'''

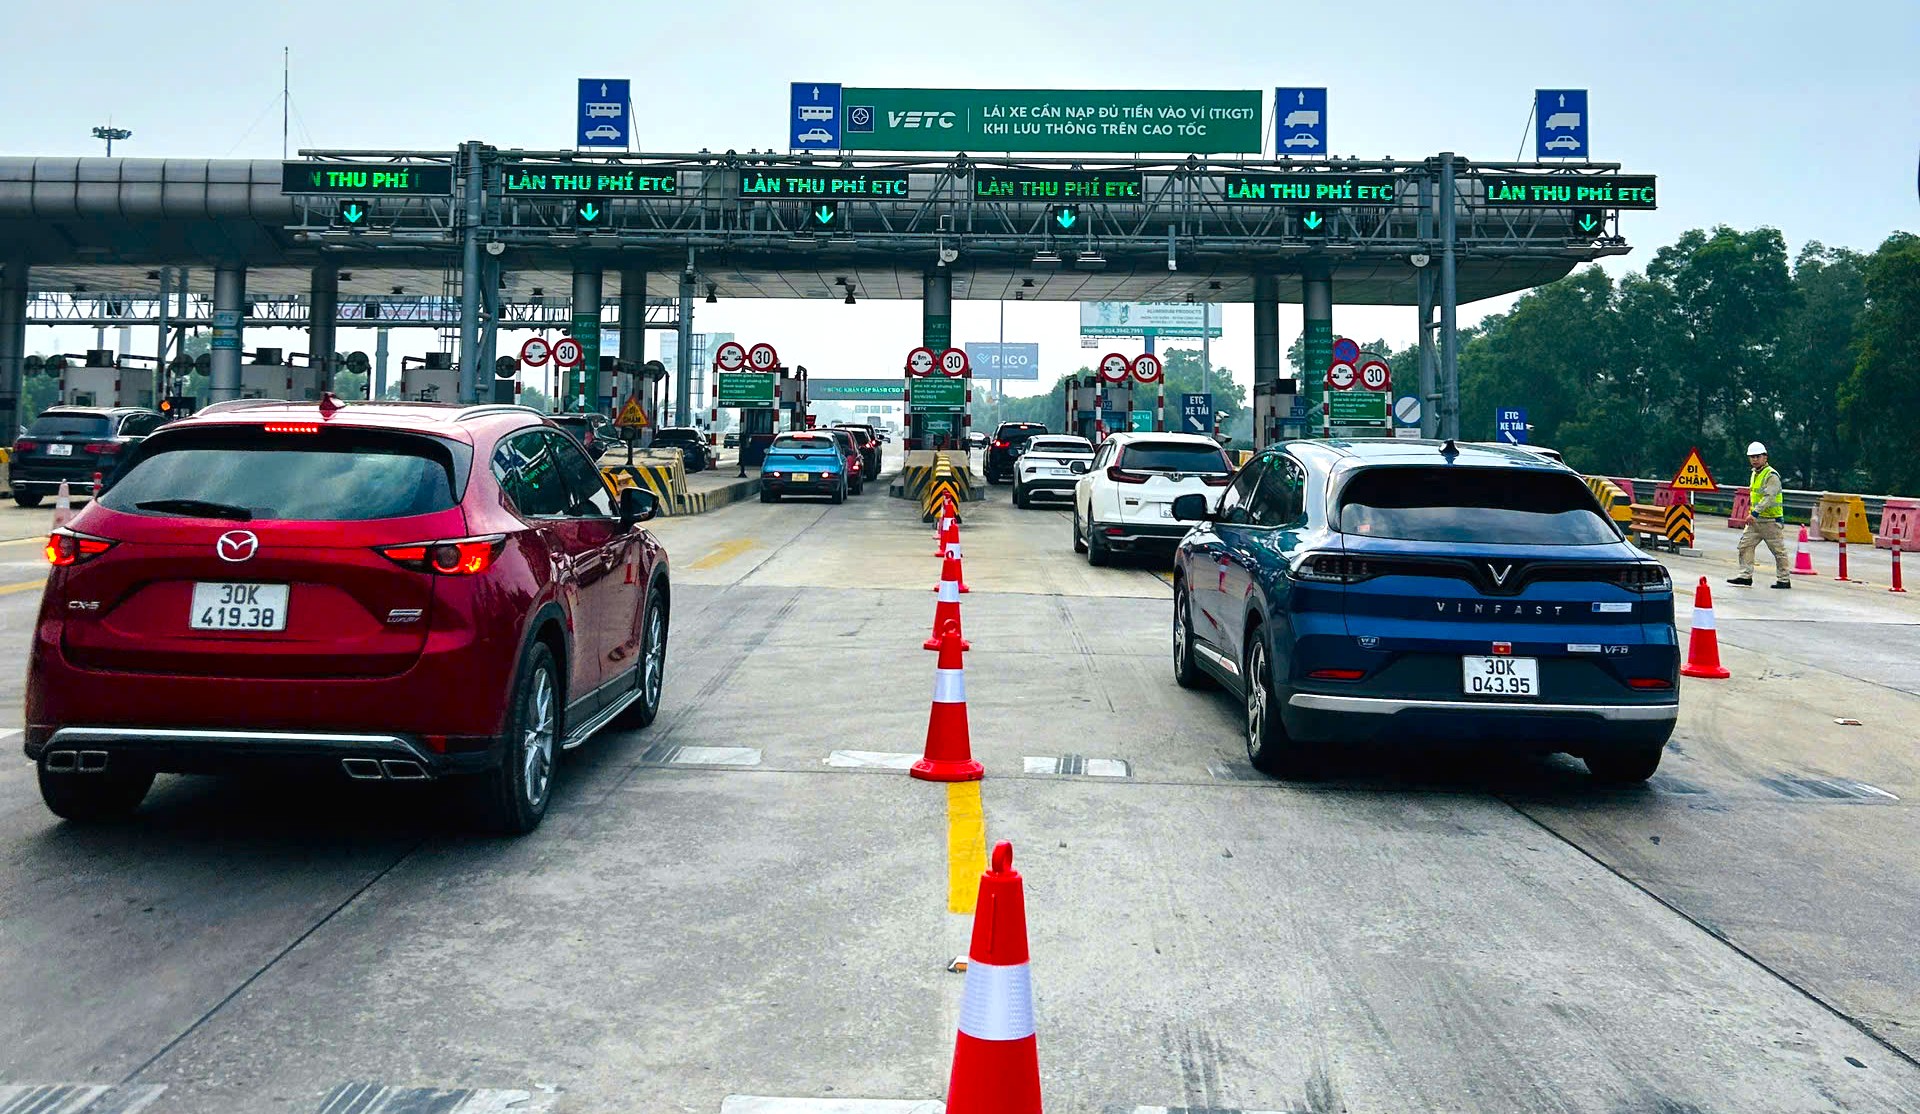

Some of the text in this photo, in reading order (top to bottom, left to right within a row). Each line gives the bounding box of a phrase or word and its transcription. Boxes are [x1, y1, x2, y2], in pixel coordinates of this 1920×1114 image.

[887, 111, 957, 129] VETC
[984, 105, 1005, 118] LÁI
[1009, 106, 1027, 118] XE
[1065, 106, 1095, 123] NẠP
[1098, 104, 1119, 118] ĐỦ
[1157, 105, 1187, 119] VÀO
[1189, 106, 1206, 119] VÍ
[1208, 107, 1255, 121] (TKGT)
[983, 120, 1206, 137] KHI LƯU THÔNG TRÊN CAO TỐC
[326, 171, 367, 188] THU
[372, 167, 409, 189] PHÍ
[507, 170, 675, 193] LÀN THU PHÍ ETC
[743, 173, 907, 196] LÀN THU PHÍ ETC
[976, 176, 1140, 198] LÀN THU PHÍ ETC
[1227, 178, 1393, 203] LÀN THU PHÍ ETC
[1487, 181, 1655, 206] LÀN THU PHÍ ETC
[560, 345, 575, 360] 30
[755, 350, 770, 365] 30
[946, 355, 961, 369] 30
[1138, 361, 1154, 376] 30
[1367, 368, 1383, 383] 30
[1190, 396, 1204, 405] ETC
[1185, 403, 1209, 415] XE TẢI
[1504, 411, 1519, 420] ETC
[1500, 422, 1510, 431] XE
[1687, 464, 1698, 474] ĐI
[1678, 474, 1708, 487] CHẬM
[220, 584, 261, 605] 30K
[69, 600, 100, 610] CX-5
[1436, 602, 1563, 616] VINFAST
[201, 606, 275, 628] 419.38
[1485, 659, 1516, 676] 30K
[1472, 676, 1530, 694] 043.95

'''

— BRIEF —
In your copy, include every record word for word but no pictures.

— SOLUTION BELOW —
Some of the text in this photo, in reading order (top to bottom, left to right within a row). Each line gives the bounding box of a phrase or word and its transcription. Boxes are [x1, y1, x2, y2], in pixel coordinates of this 1920×1114 image.

[887, 111, 957, 129] VETC
[984, 105, 1005, 118] LÁI
[1009, 106, 1027, 118] XE
[1065, 106, 1095, 123] NẠP
[1098, 104, 1119, 118] ĐỦ
[1157, 105, 1187, 119] VÀO
[1189, 106, 1206, 119] VÍ
[1208, 107, 1255, 121] (TKGT)
[983, 120, 1206, 137] KHI LƯU THÔNG TRÊN CAO TỐC
[326, 171, 367, 188] THU
[372, 167, 409, 189] PHÍ
[507, 170, 675, 193] LÀN THU PHÍ ETC
[743, 173, 907, 196] LÀN THU PHÍ ETC
[976, 176, 1140, 198] LÀN THU PHÍ ETC
[1227, 178, 1393, 203] LÀN THU PHÍ ETC
[1487, 181, 1655, 206] LÀN THU PHÍ ETC
[560, 345, 575, 360] 30
[755, 350, 770, 365] 30
[946, 355, 961, 369] 30
[1138, 361, 1154, 376] 30
[1367, 368, 1383, 383] 30
[1190, 396, 1204, 405] ETC
[1185, 403, 1209, 415] XE TẢI
[1504, 411, 1519, 420] ETC
[1500, 422, 1510, 431] XE
[1687, 464, 1698, 474] ĐI
[1678, 474, 1708, 487] CHẬM
[220, 584, 261, 605] 30K
[69, 600, 100, 610] CX-5
[1436, 602, 1563, 616] VINFAST
[201, 606, 275, 628] 419.38
[1485, 659, 1516, 676] 30K
[1472, 676, 1530, 694] 043.95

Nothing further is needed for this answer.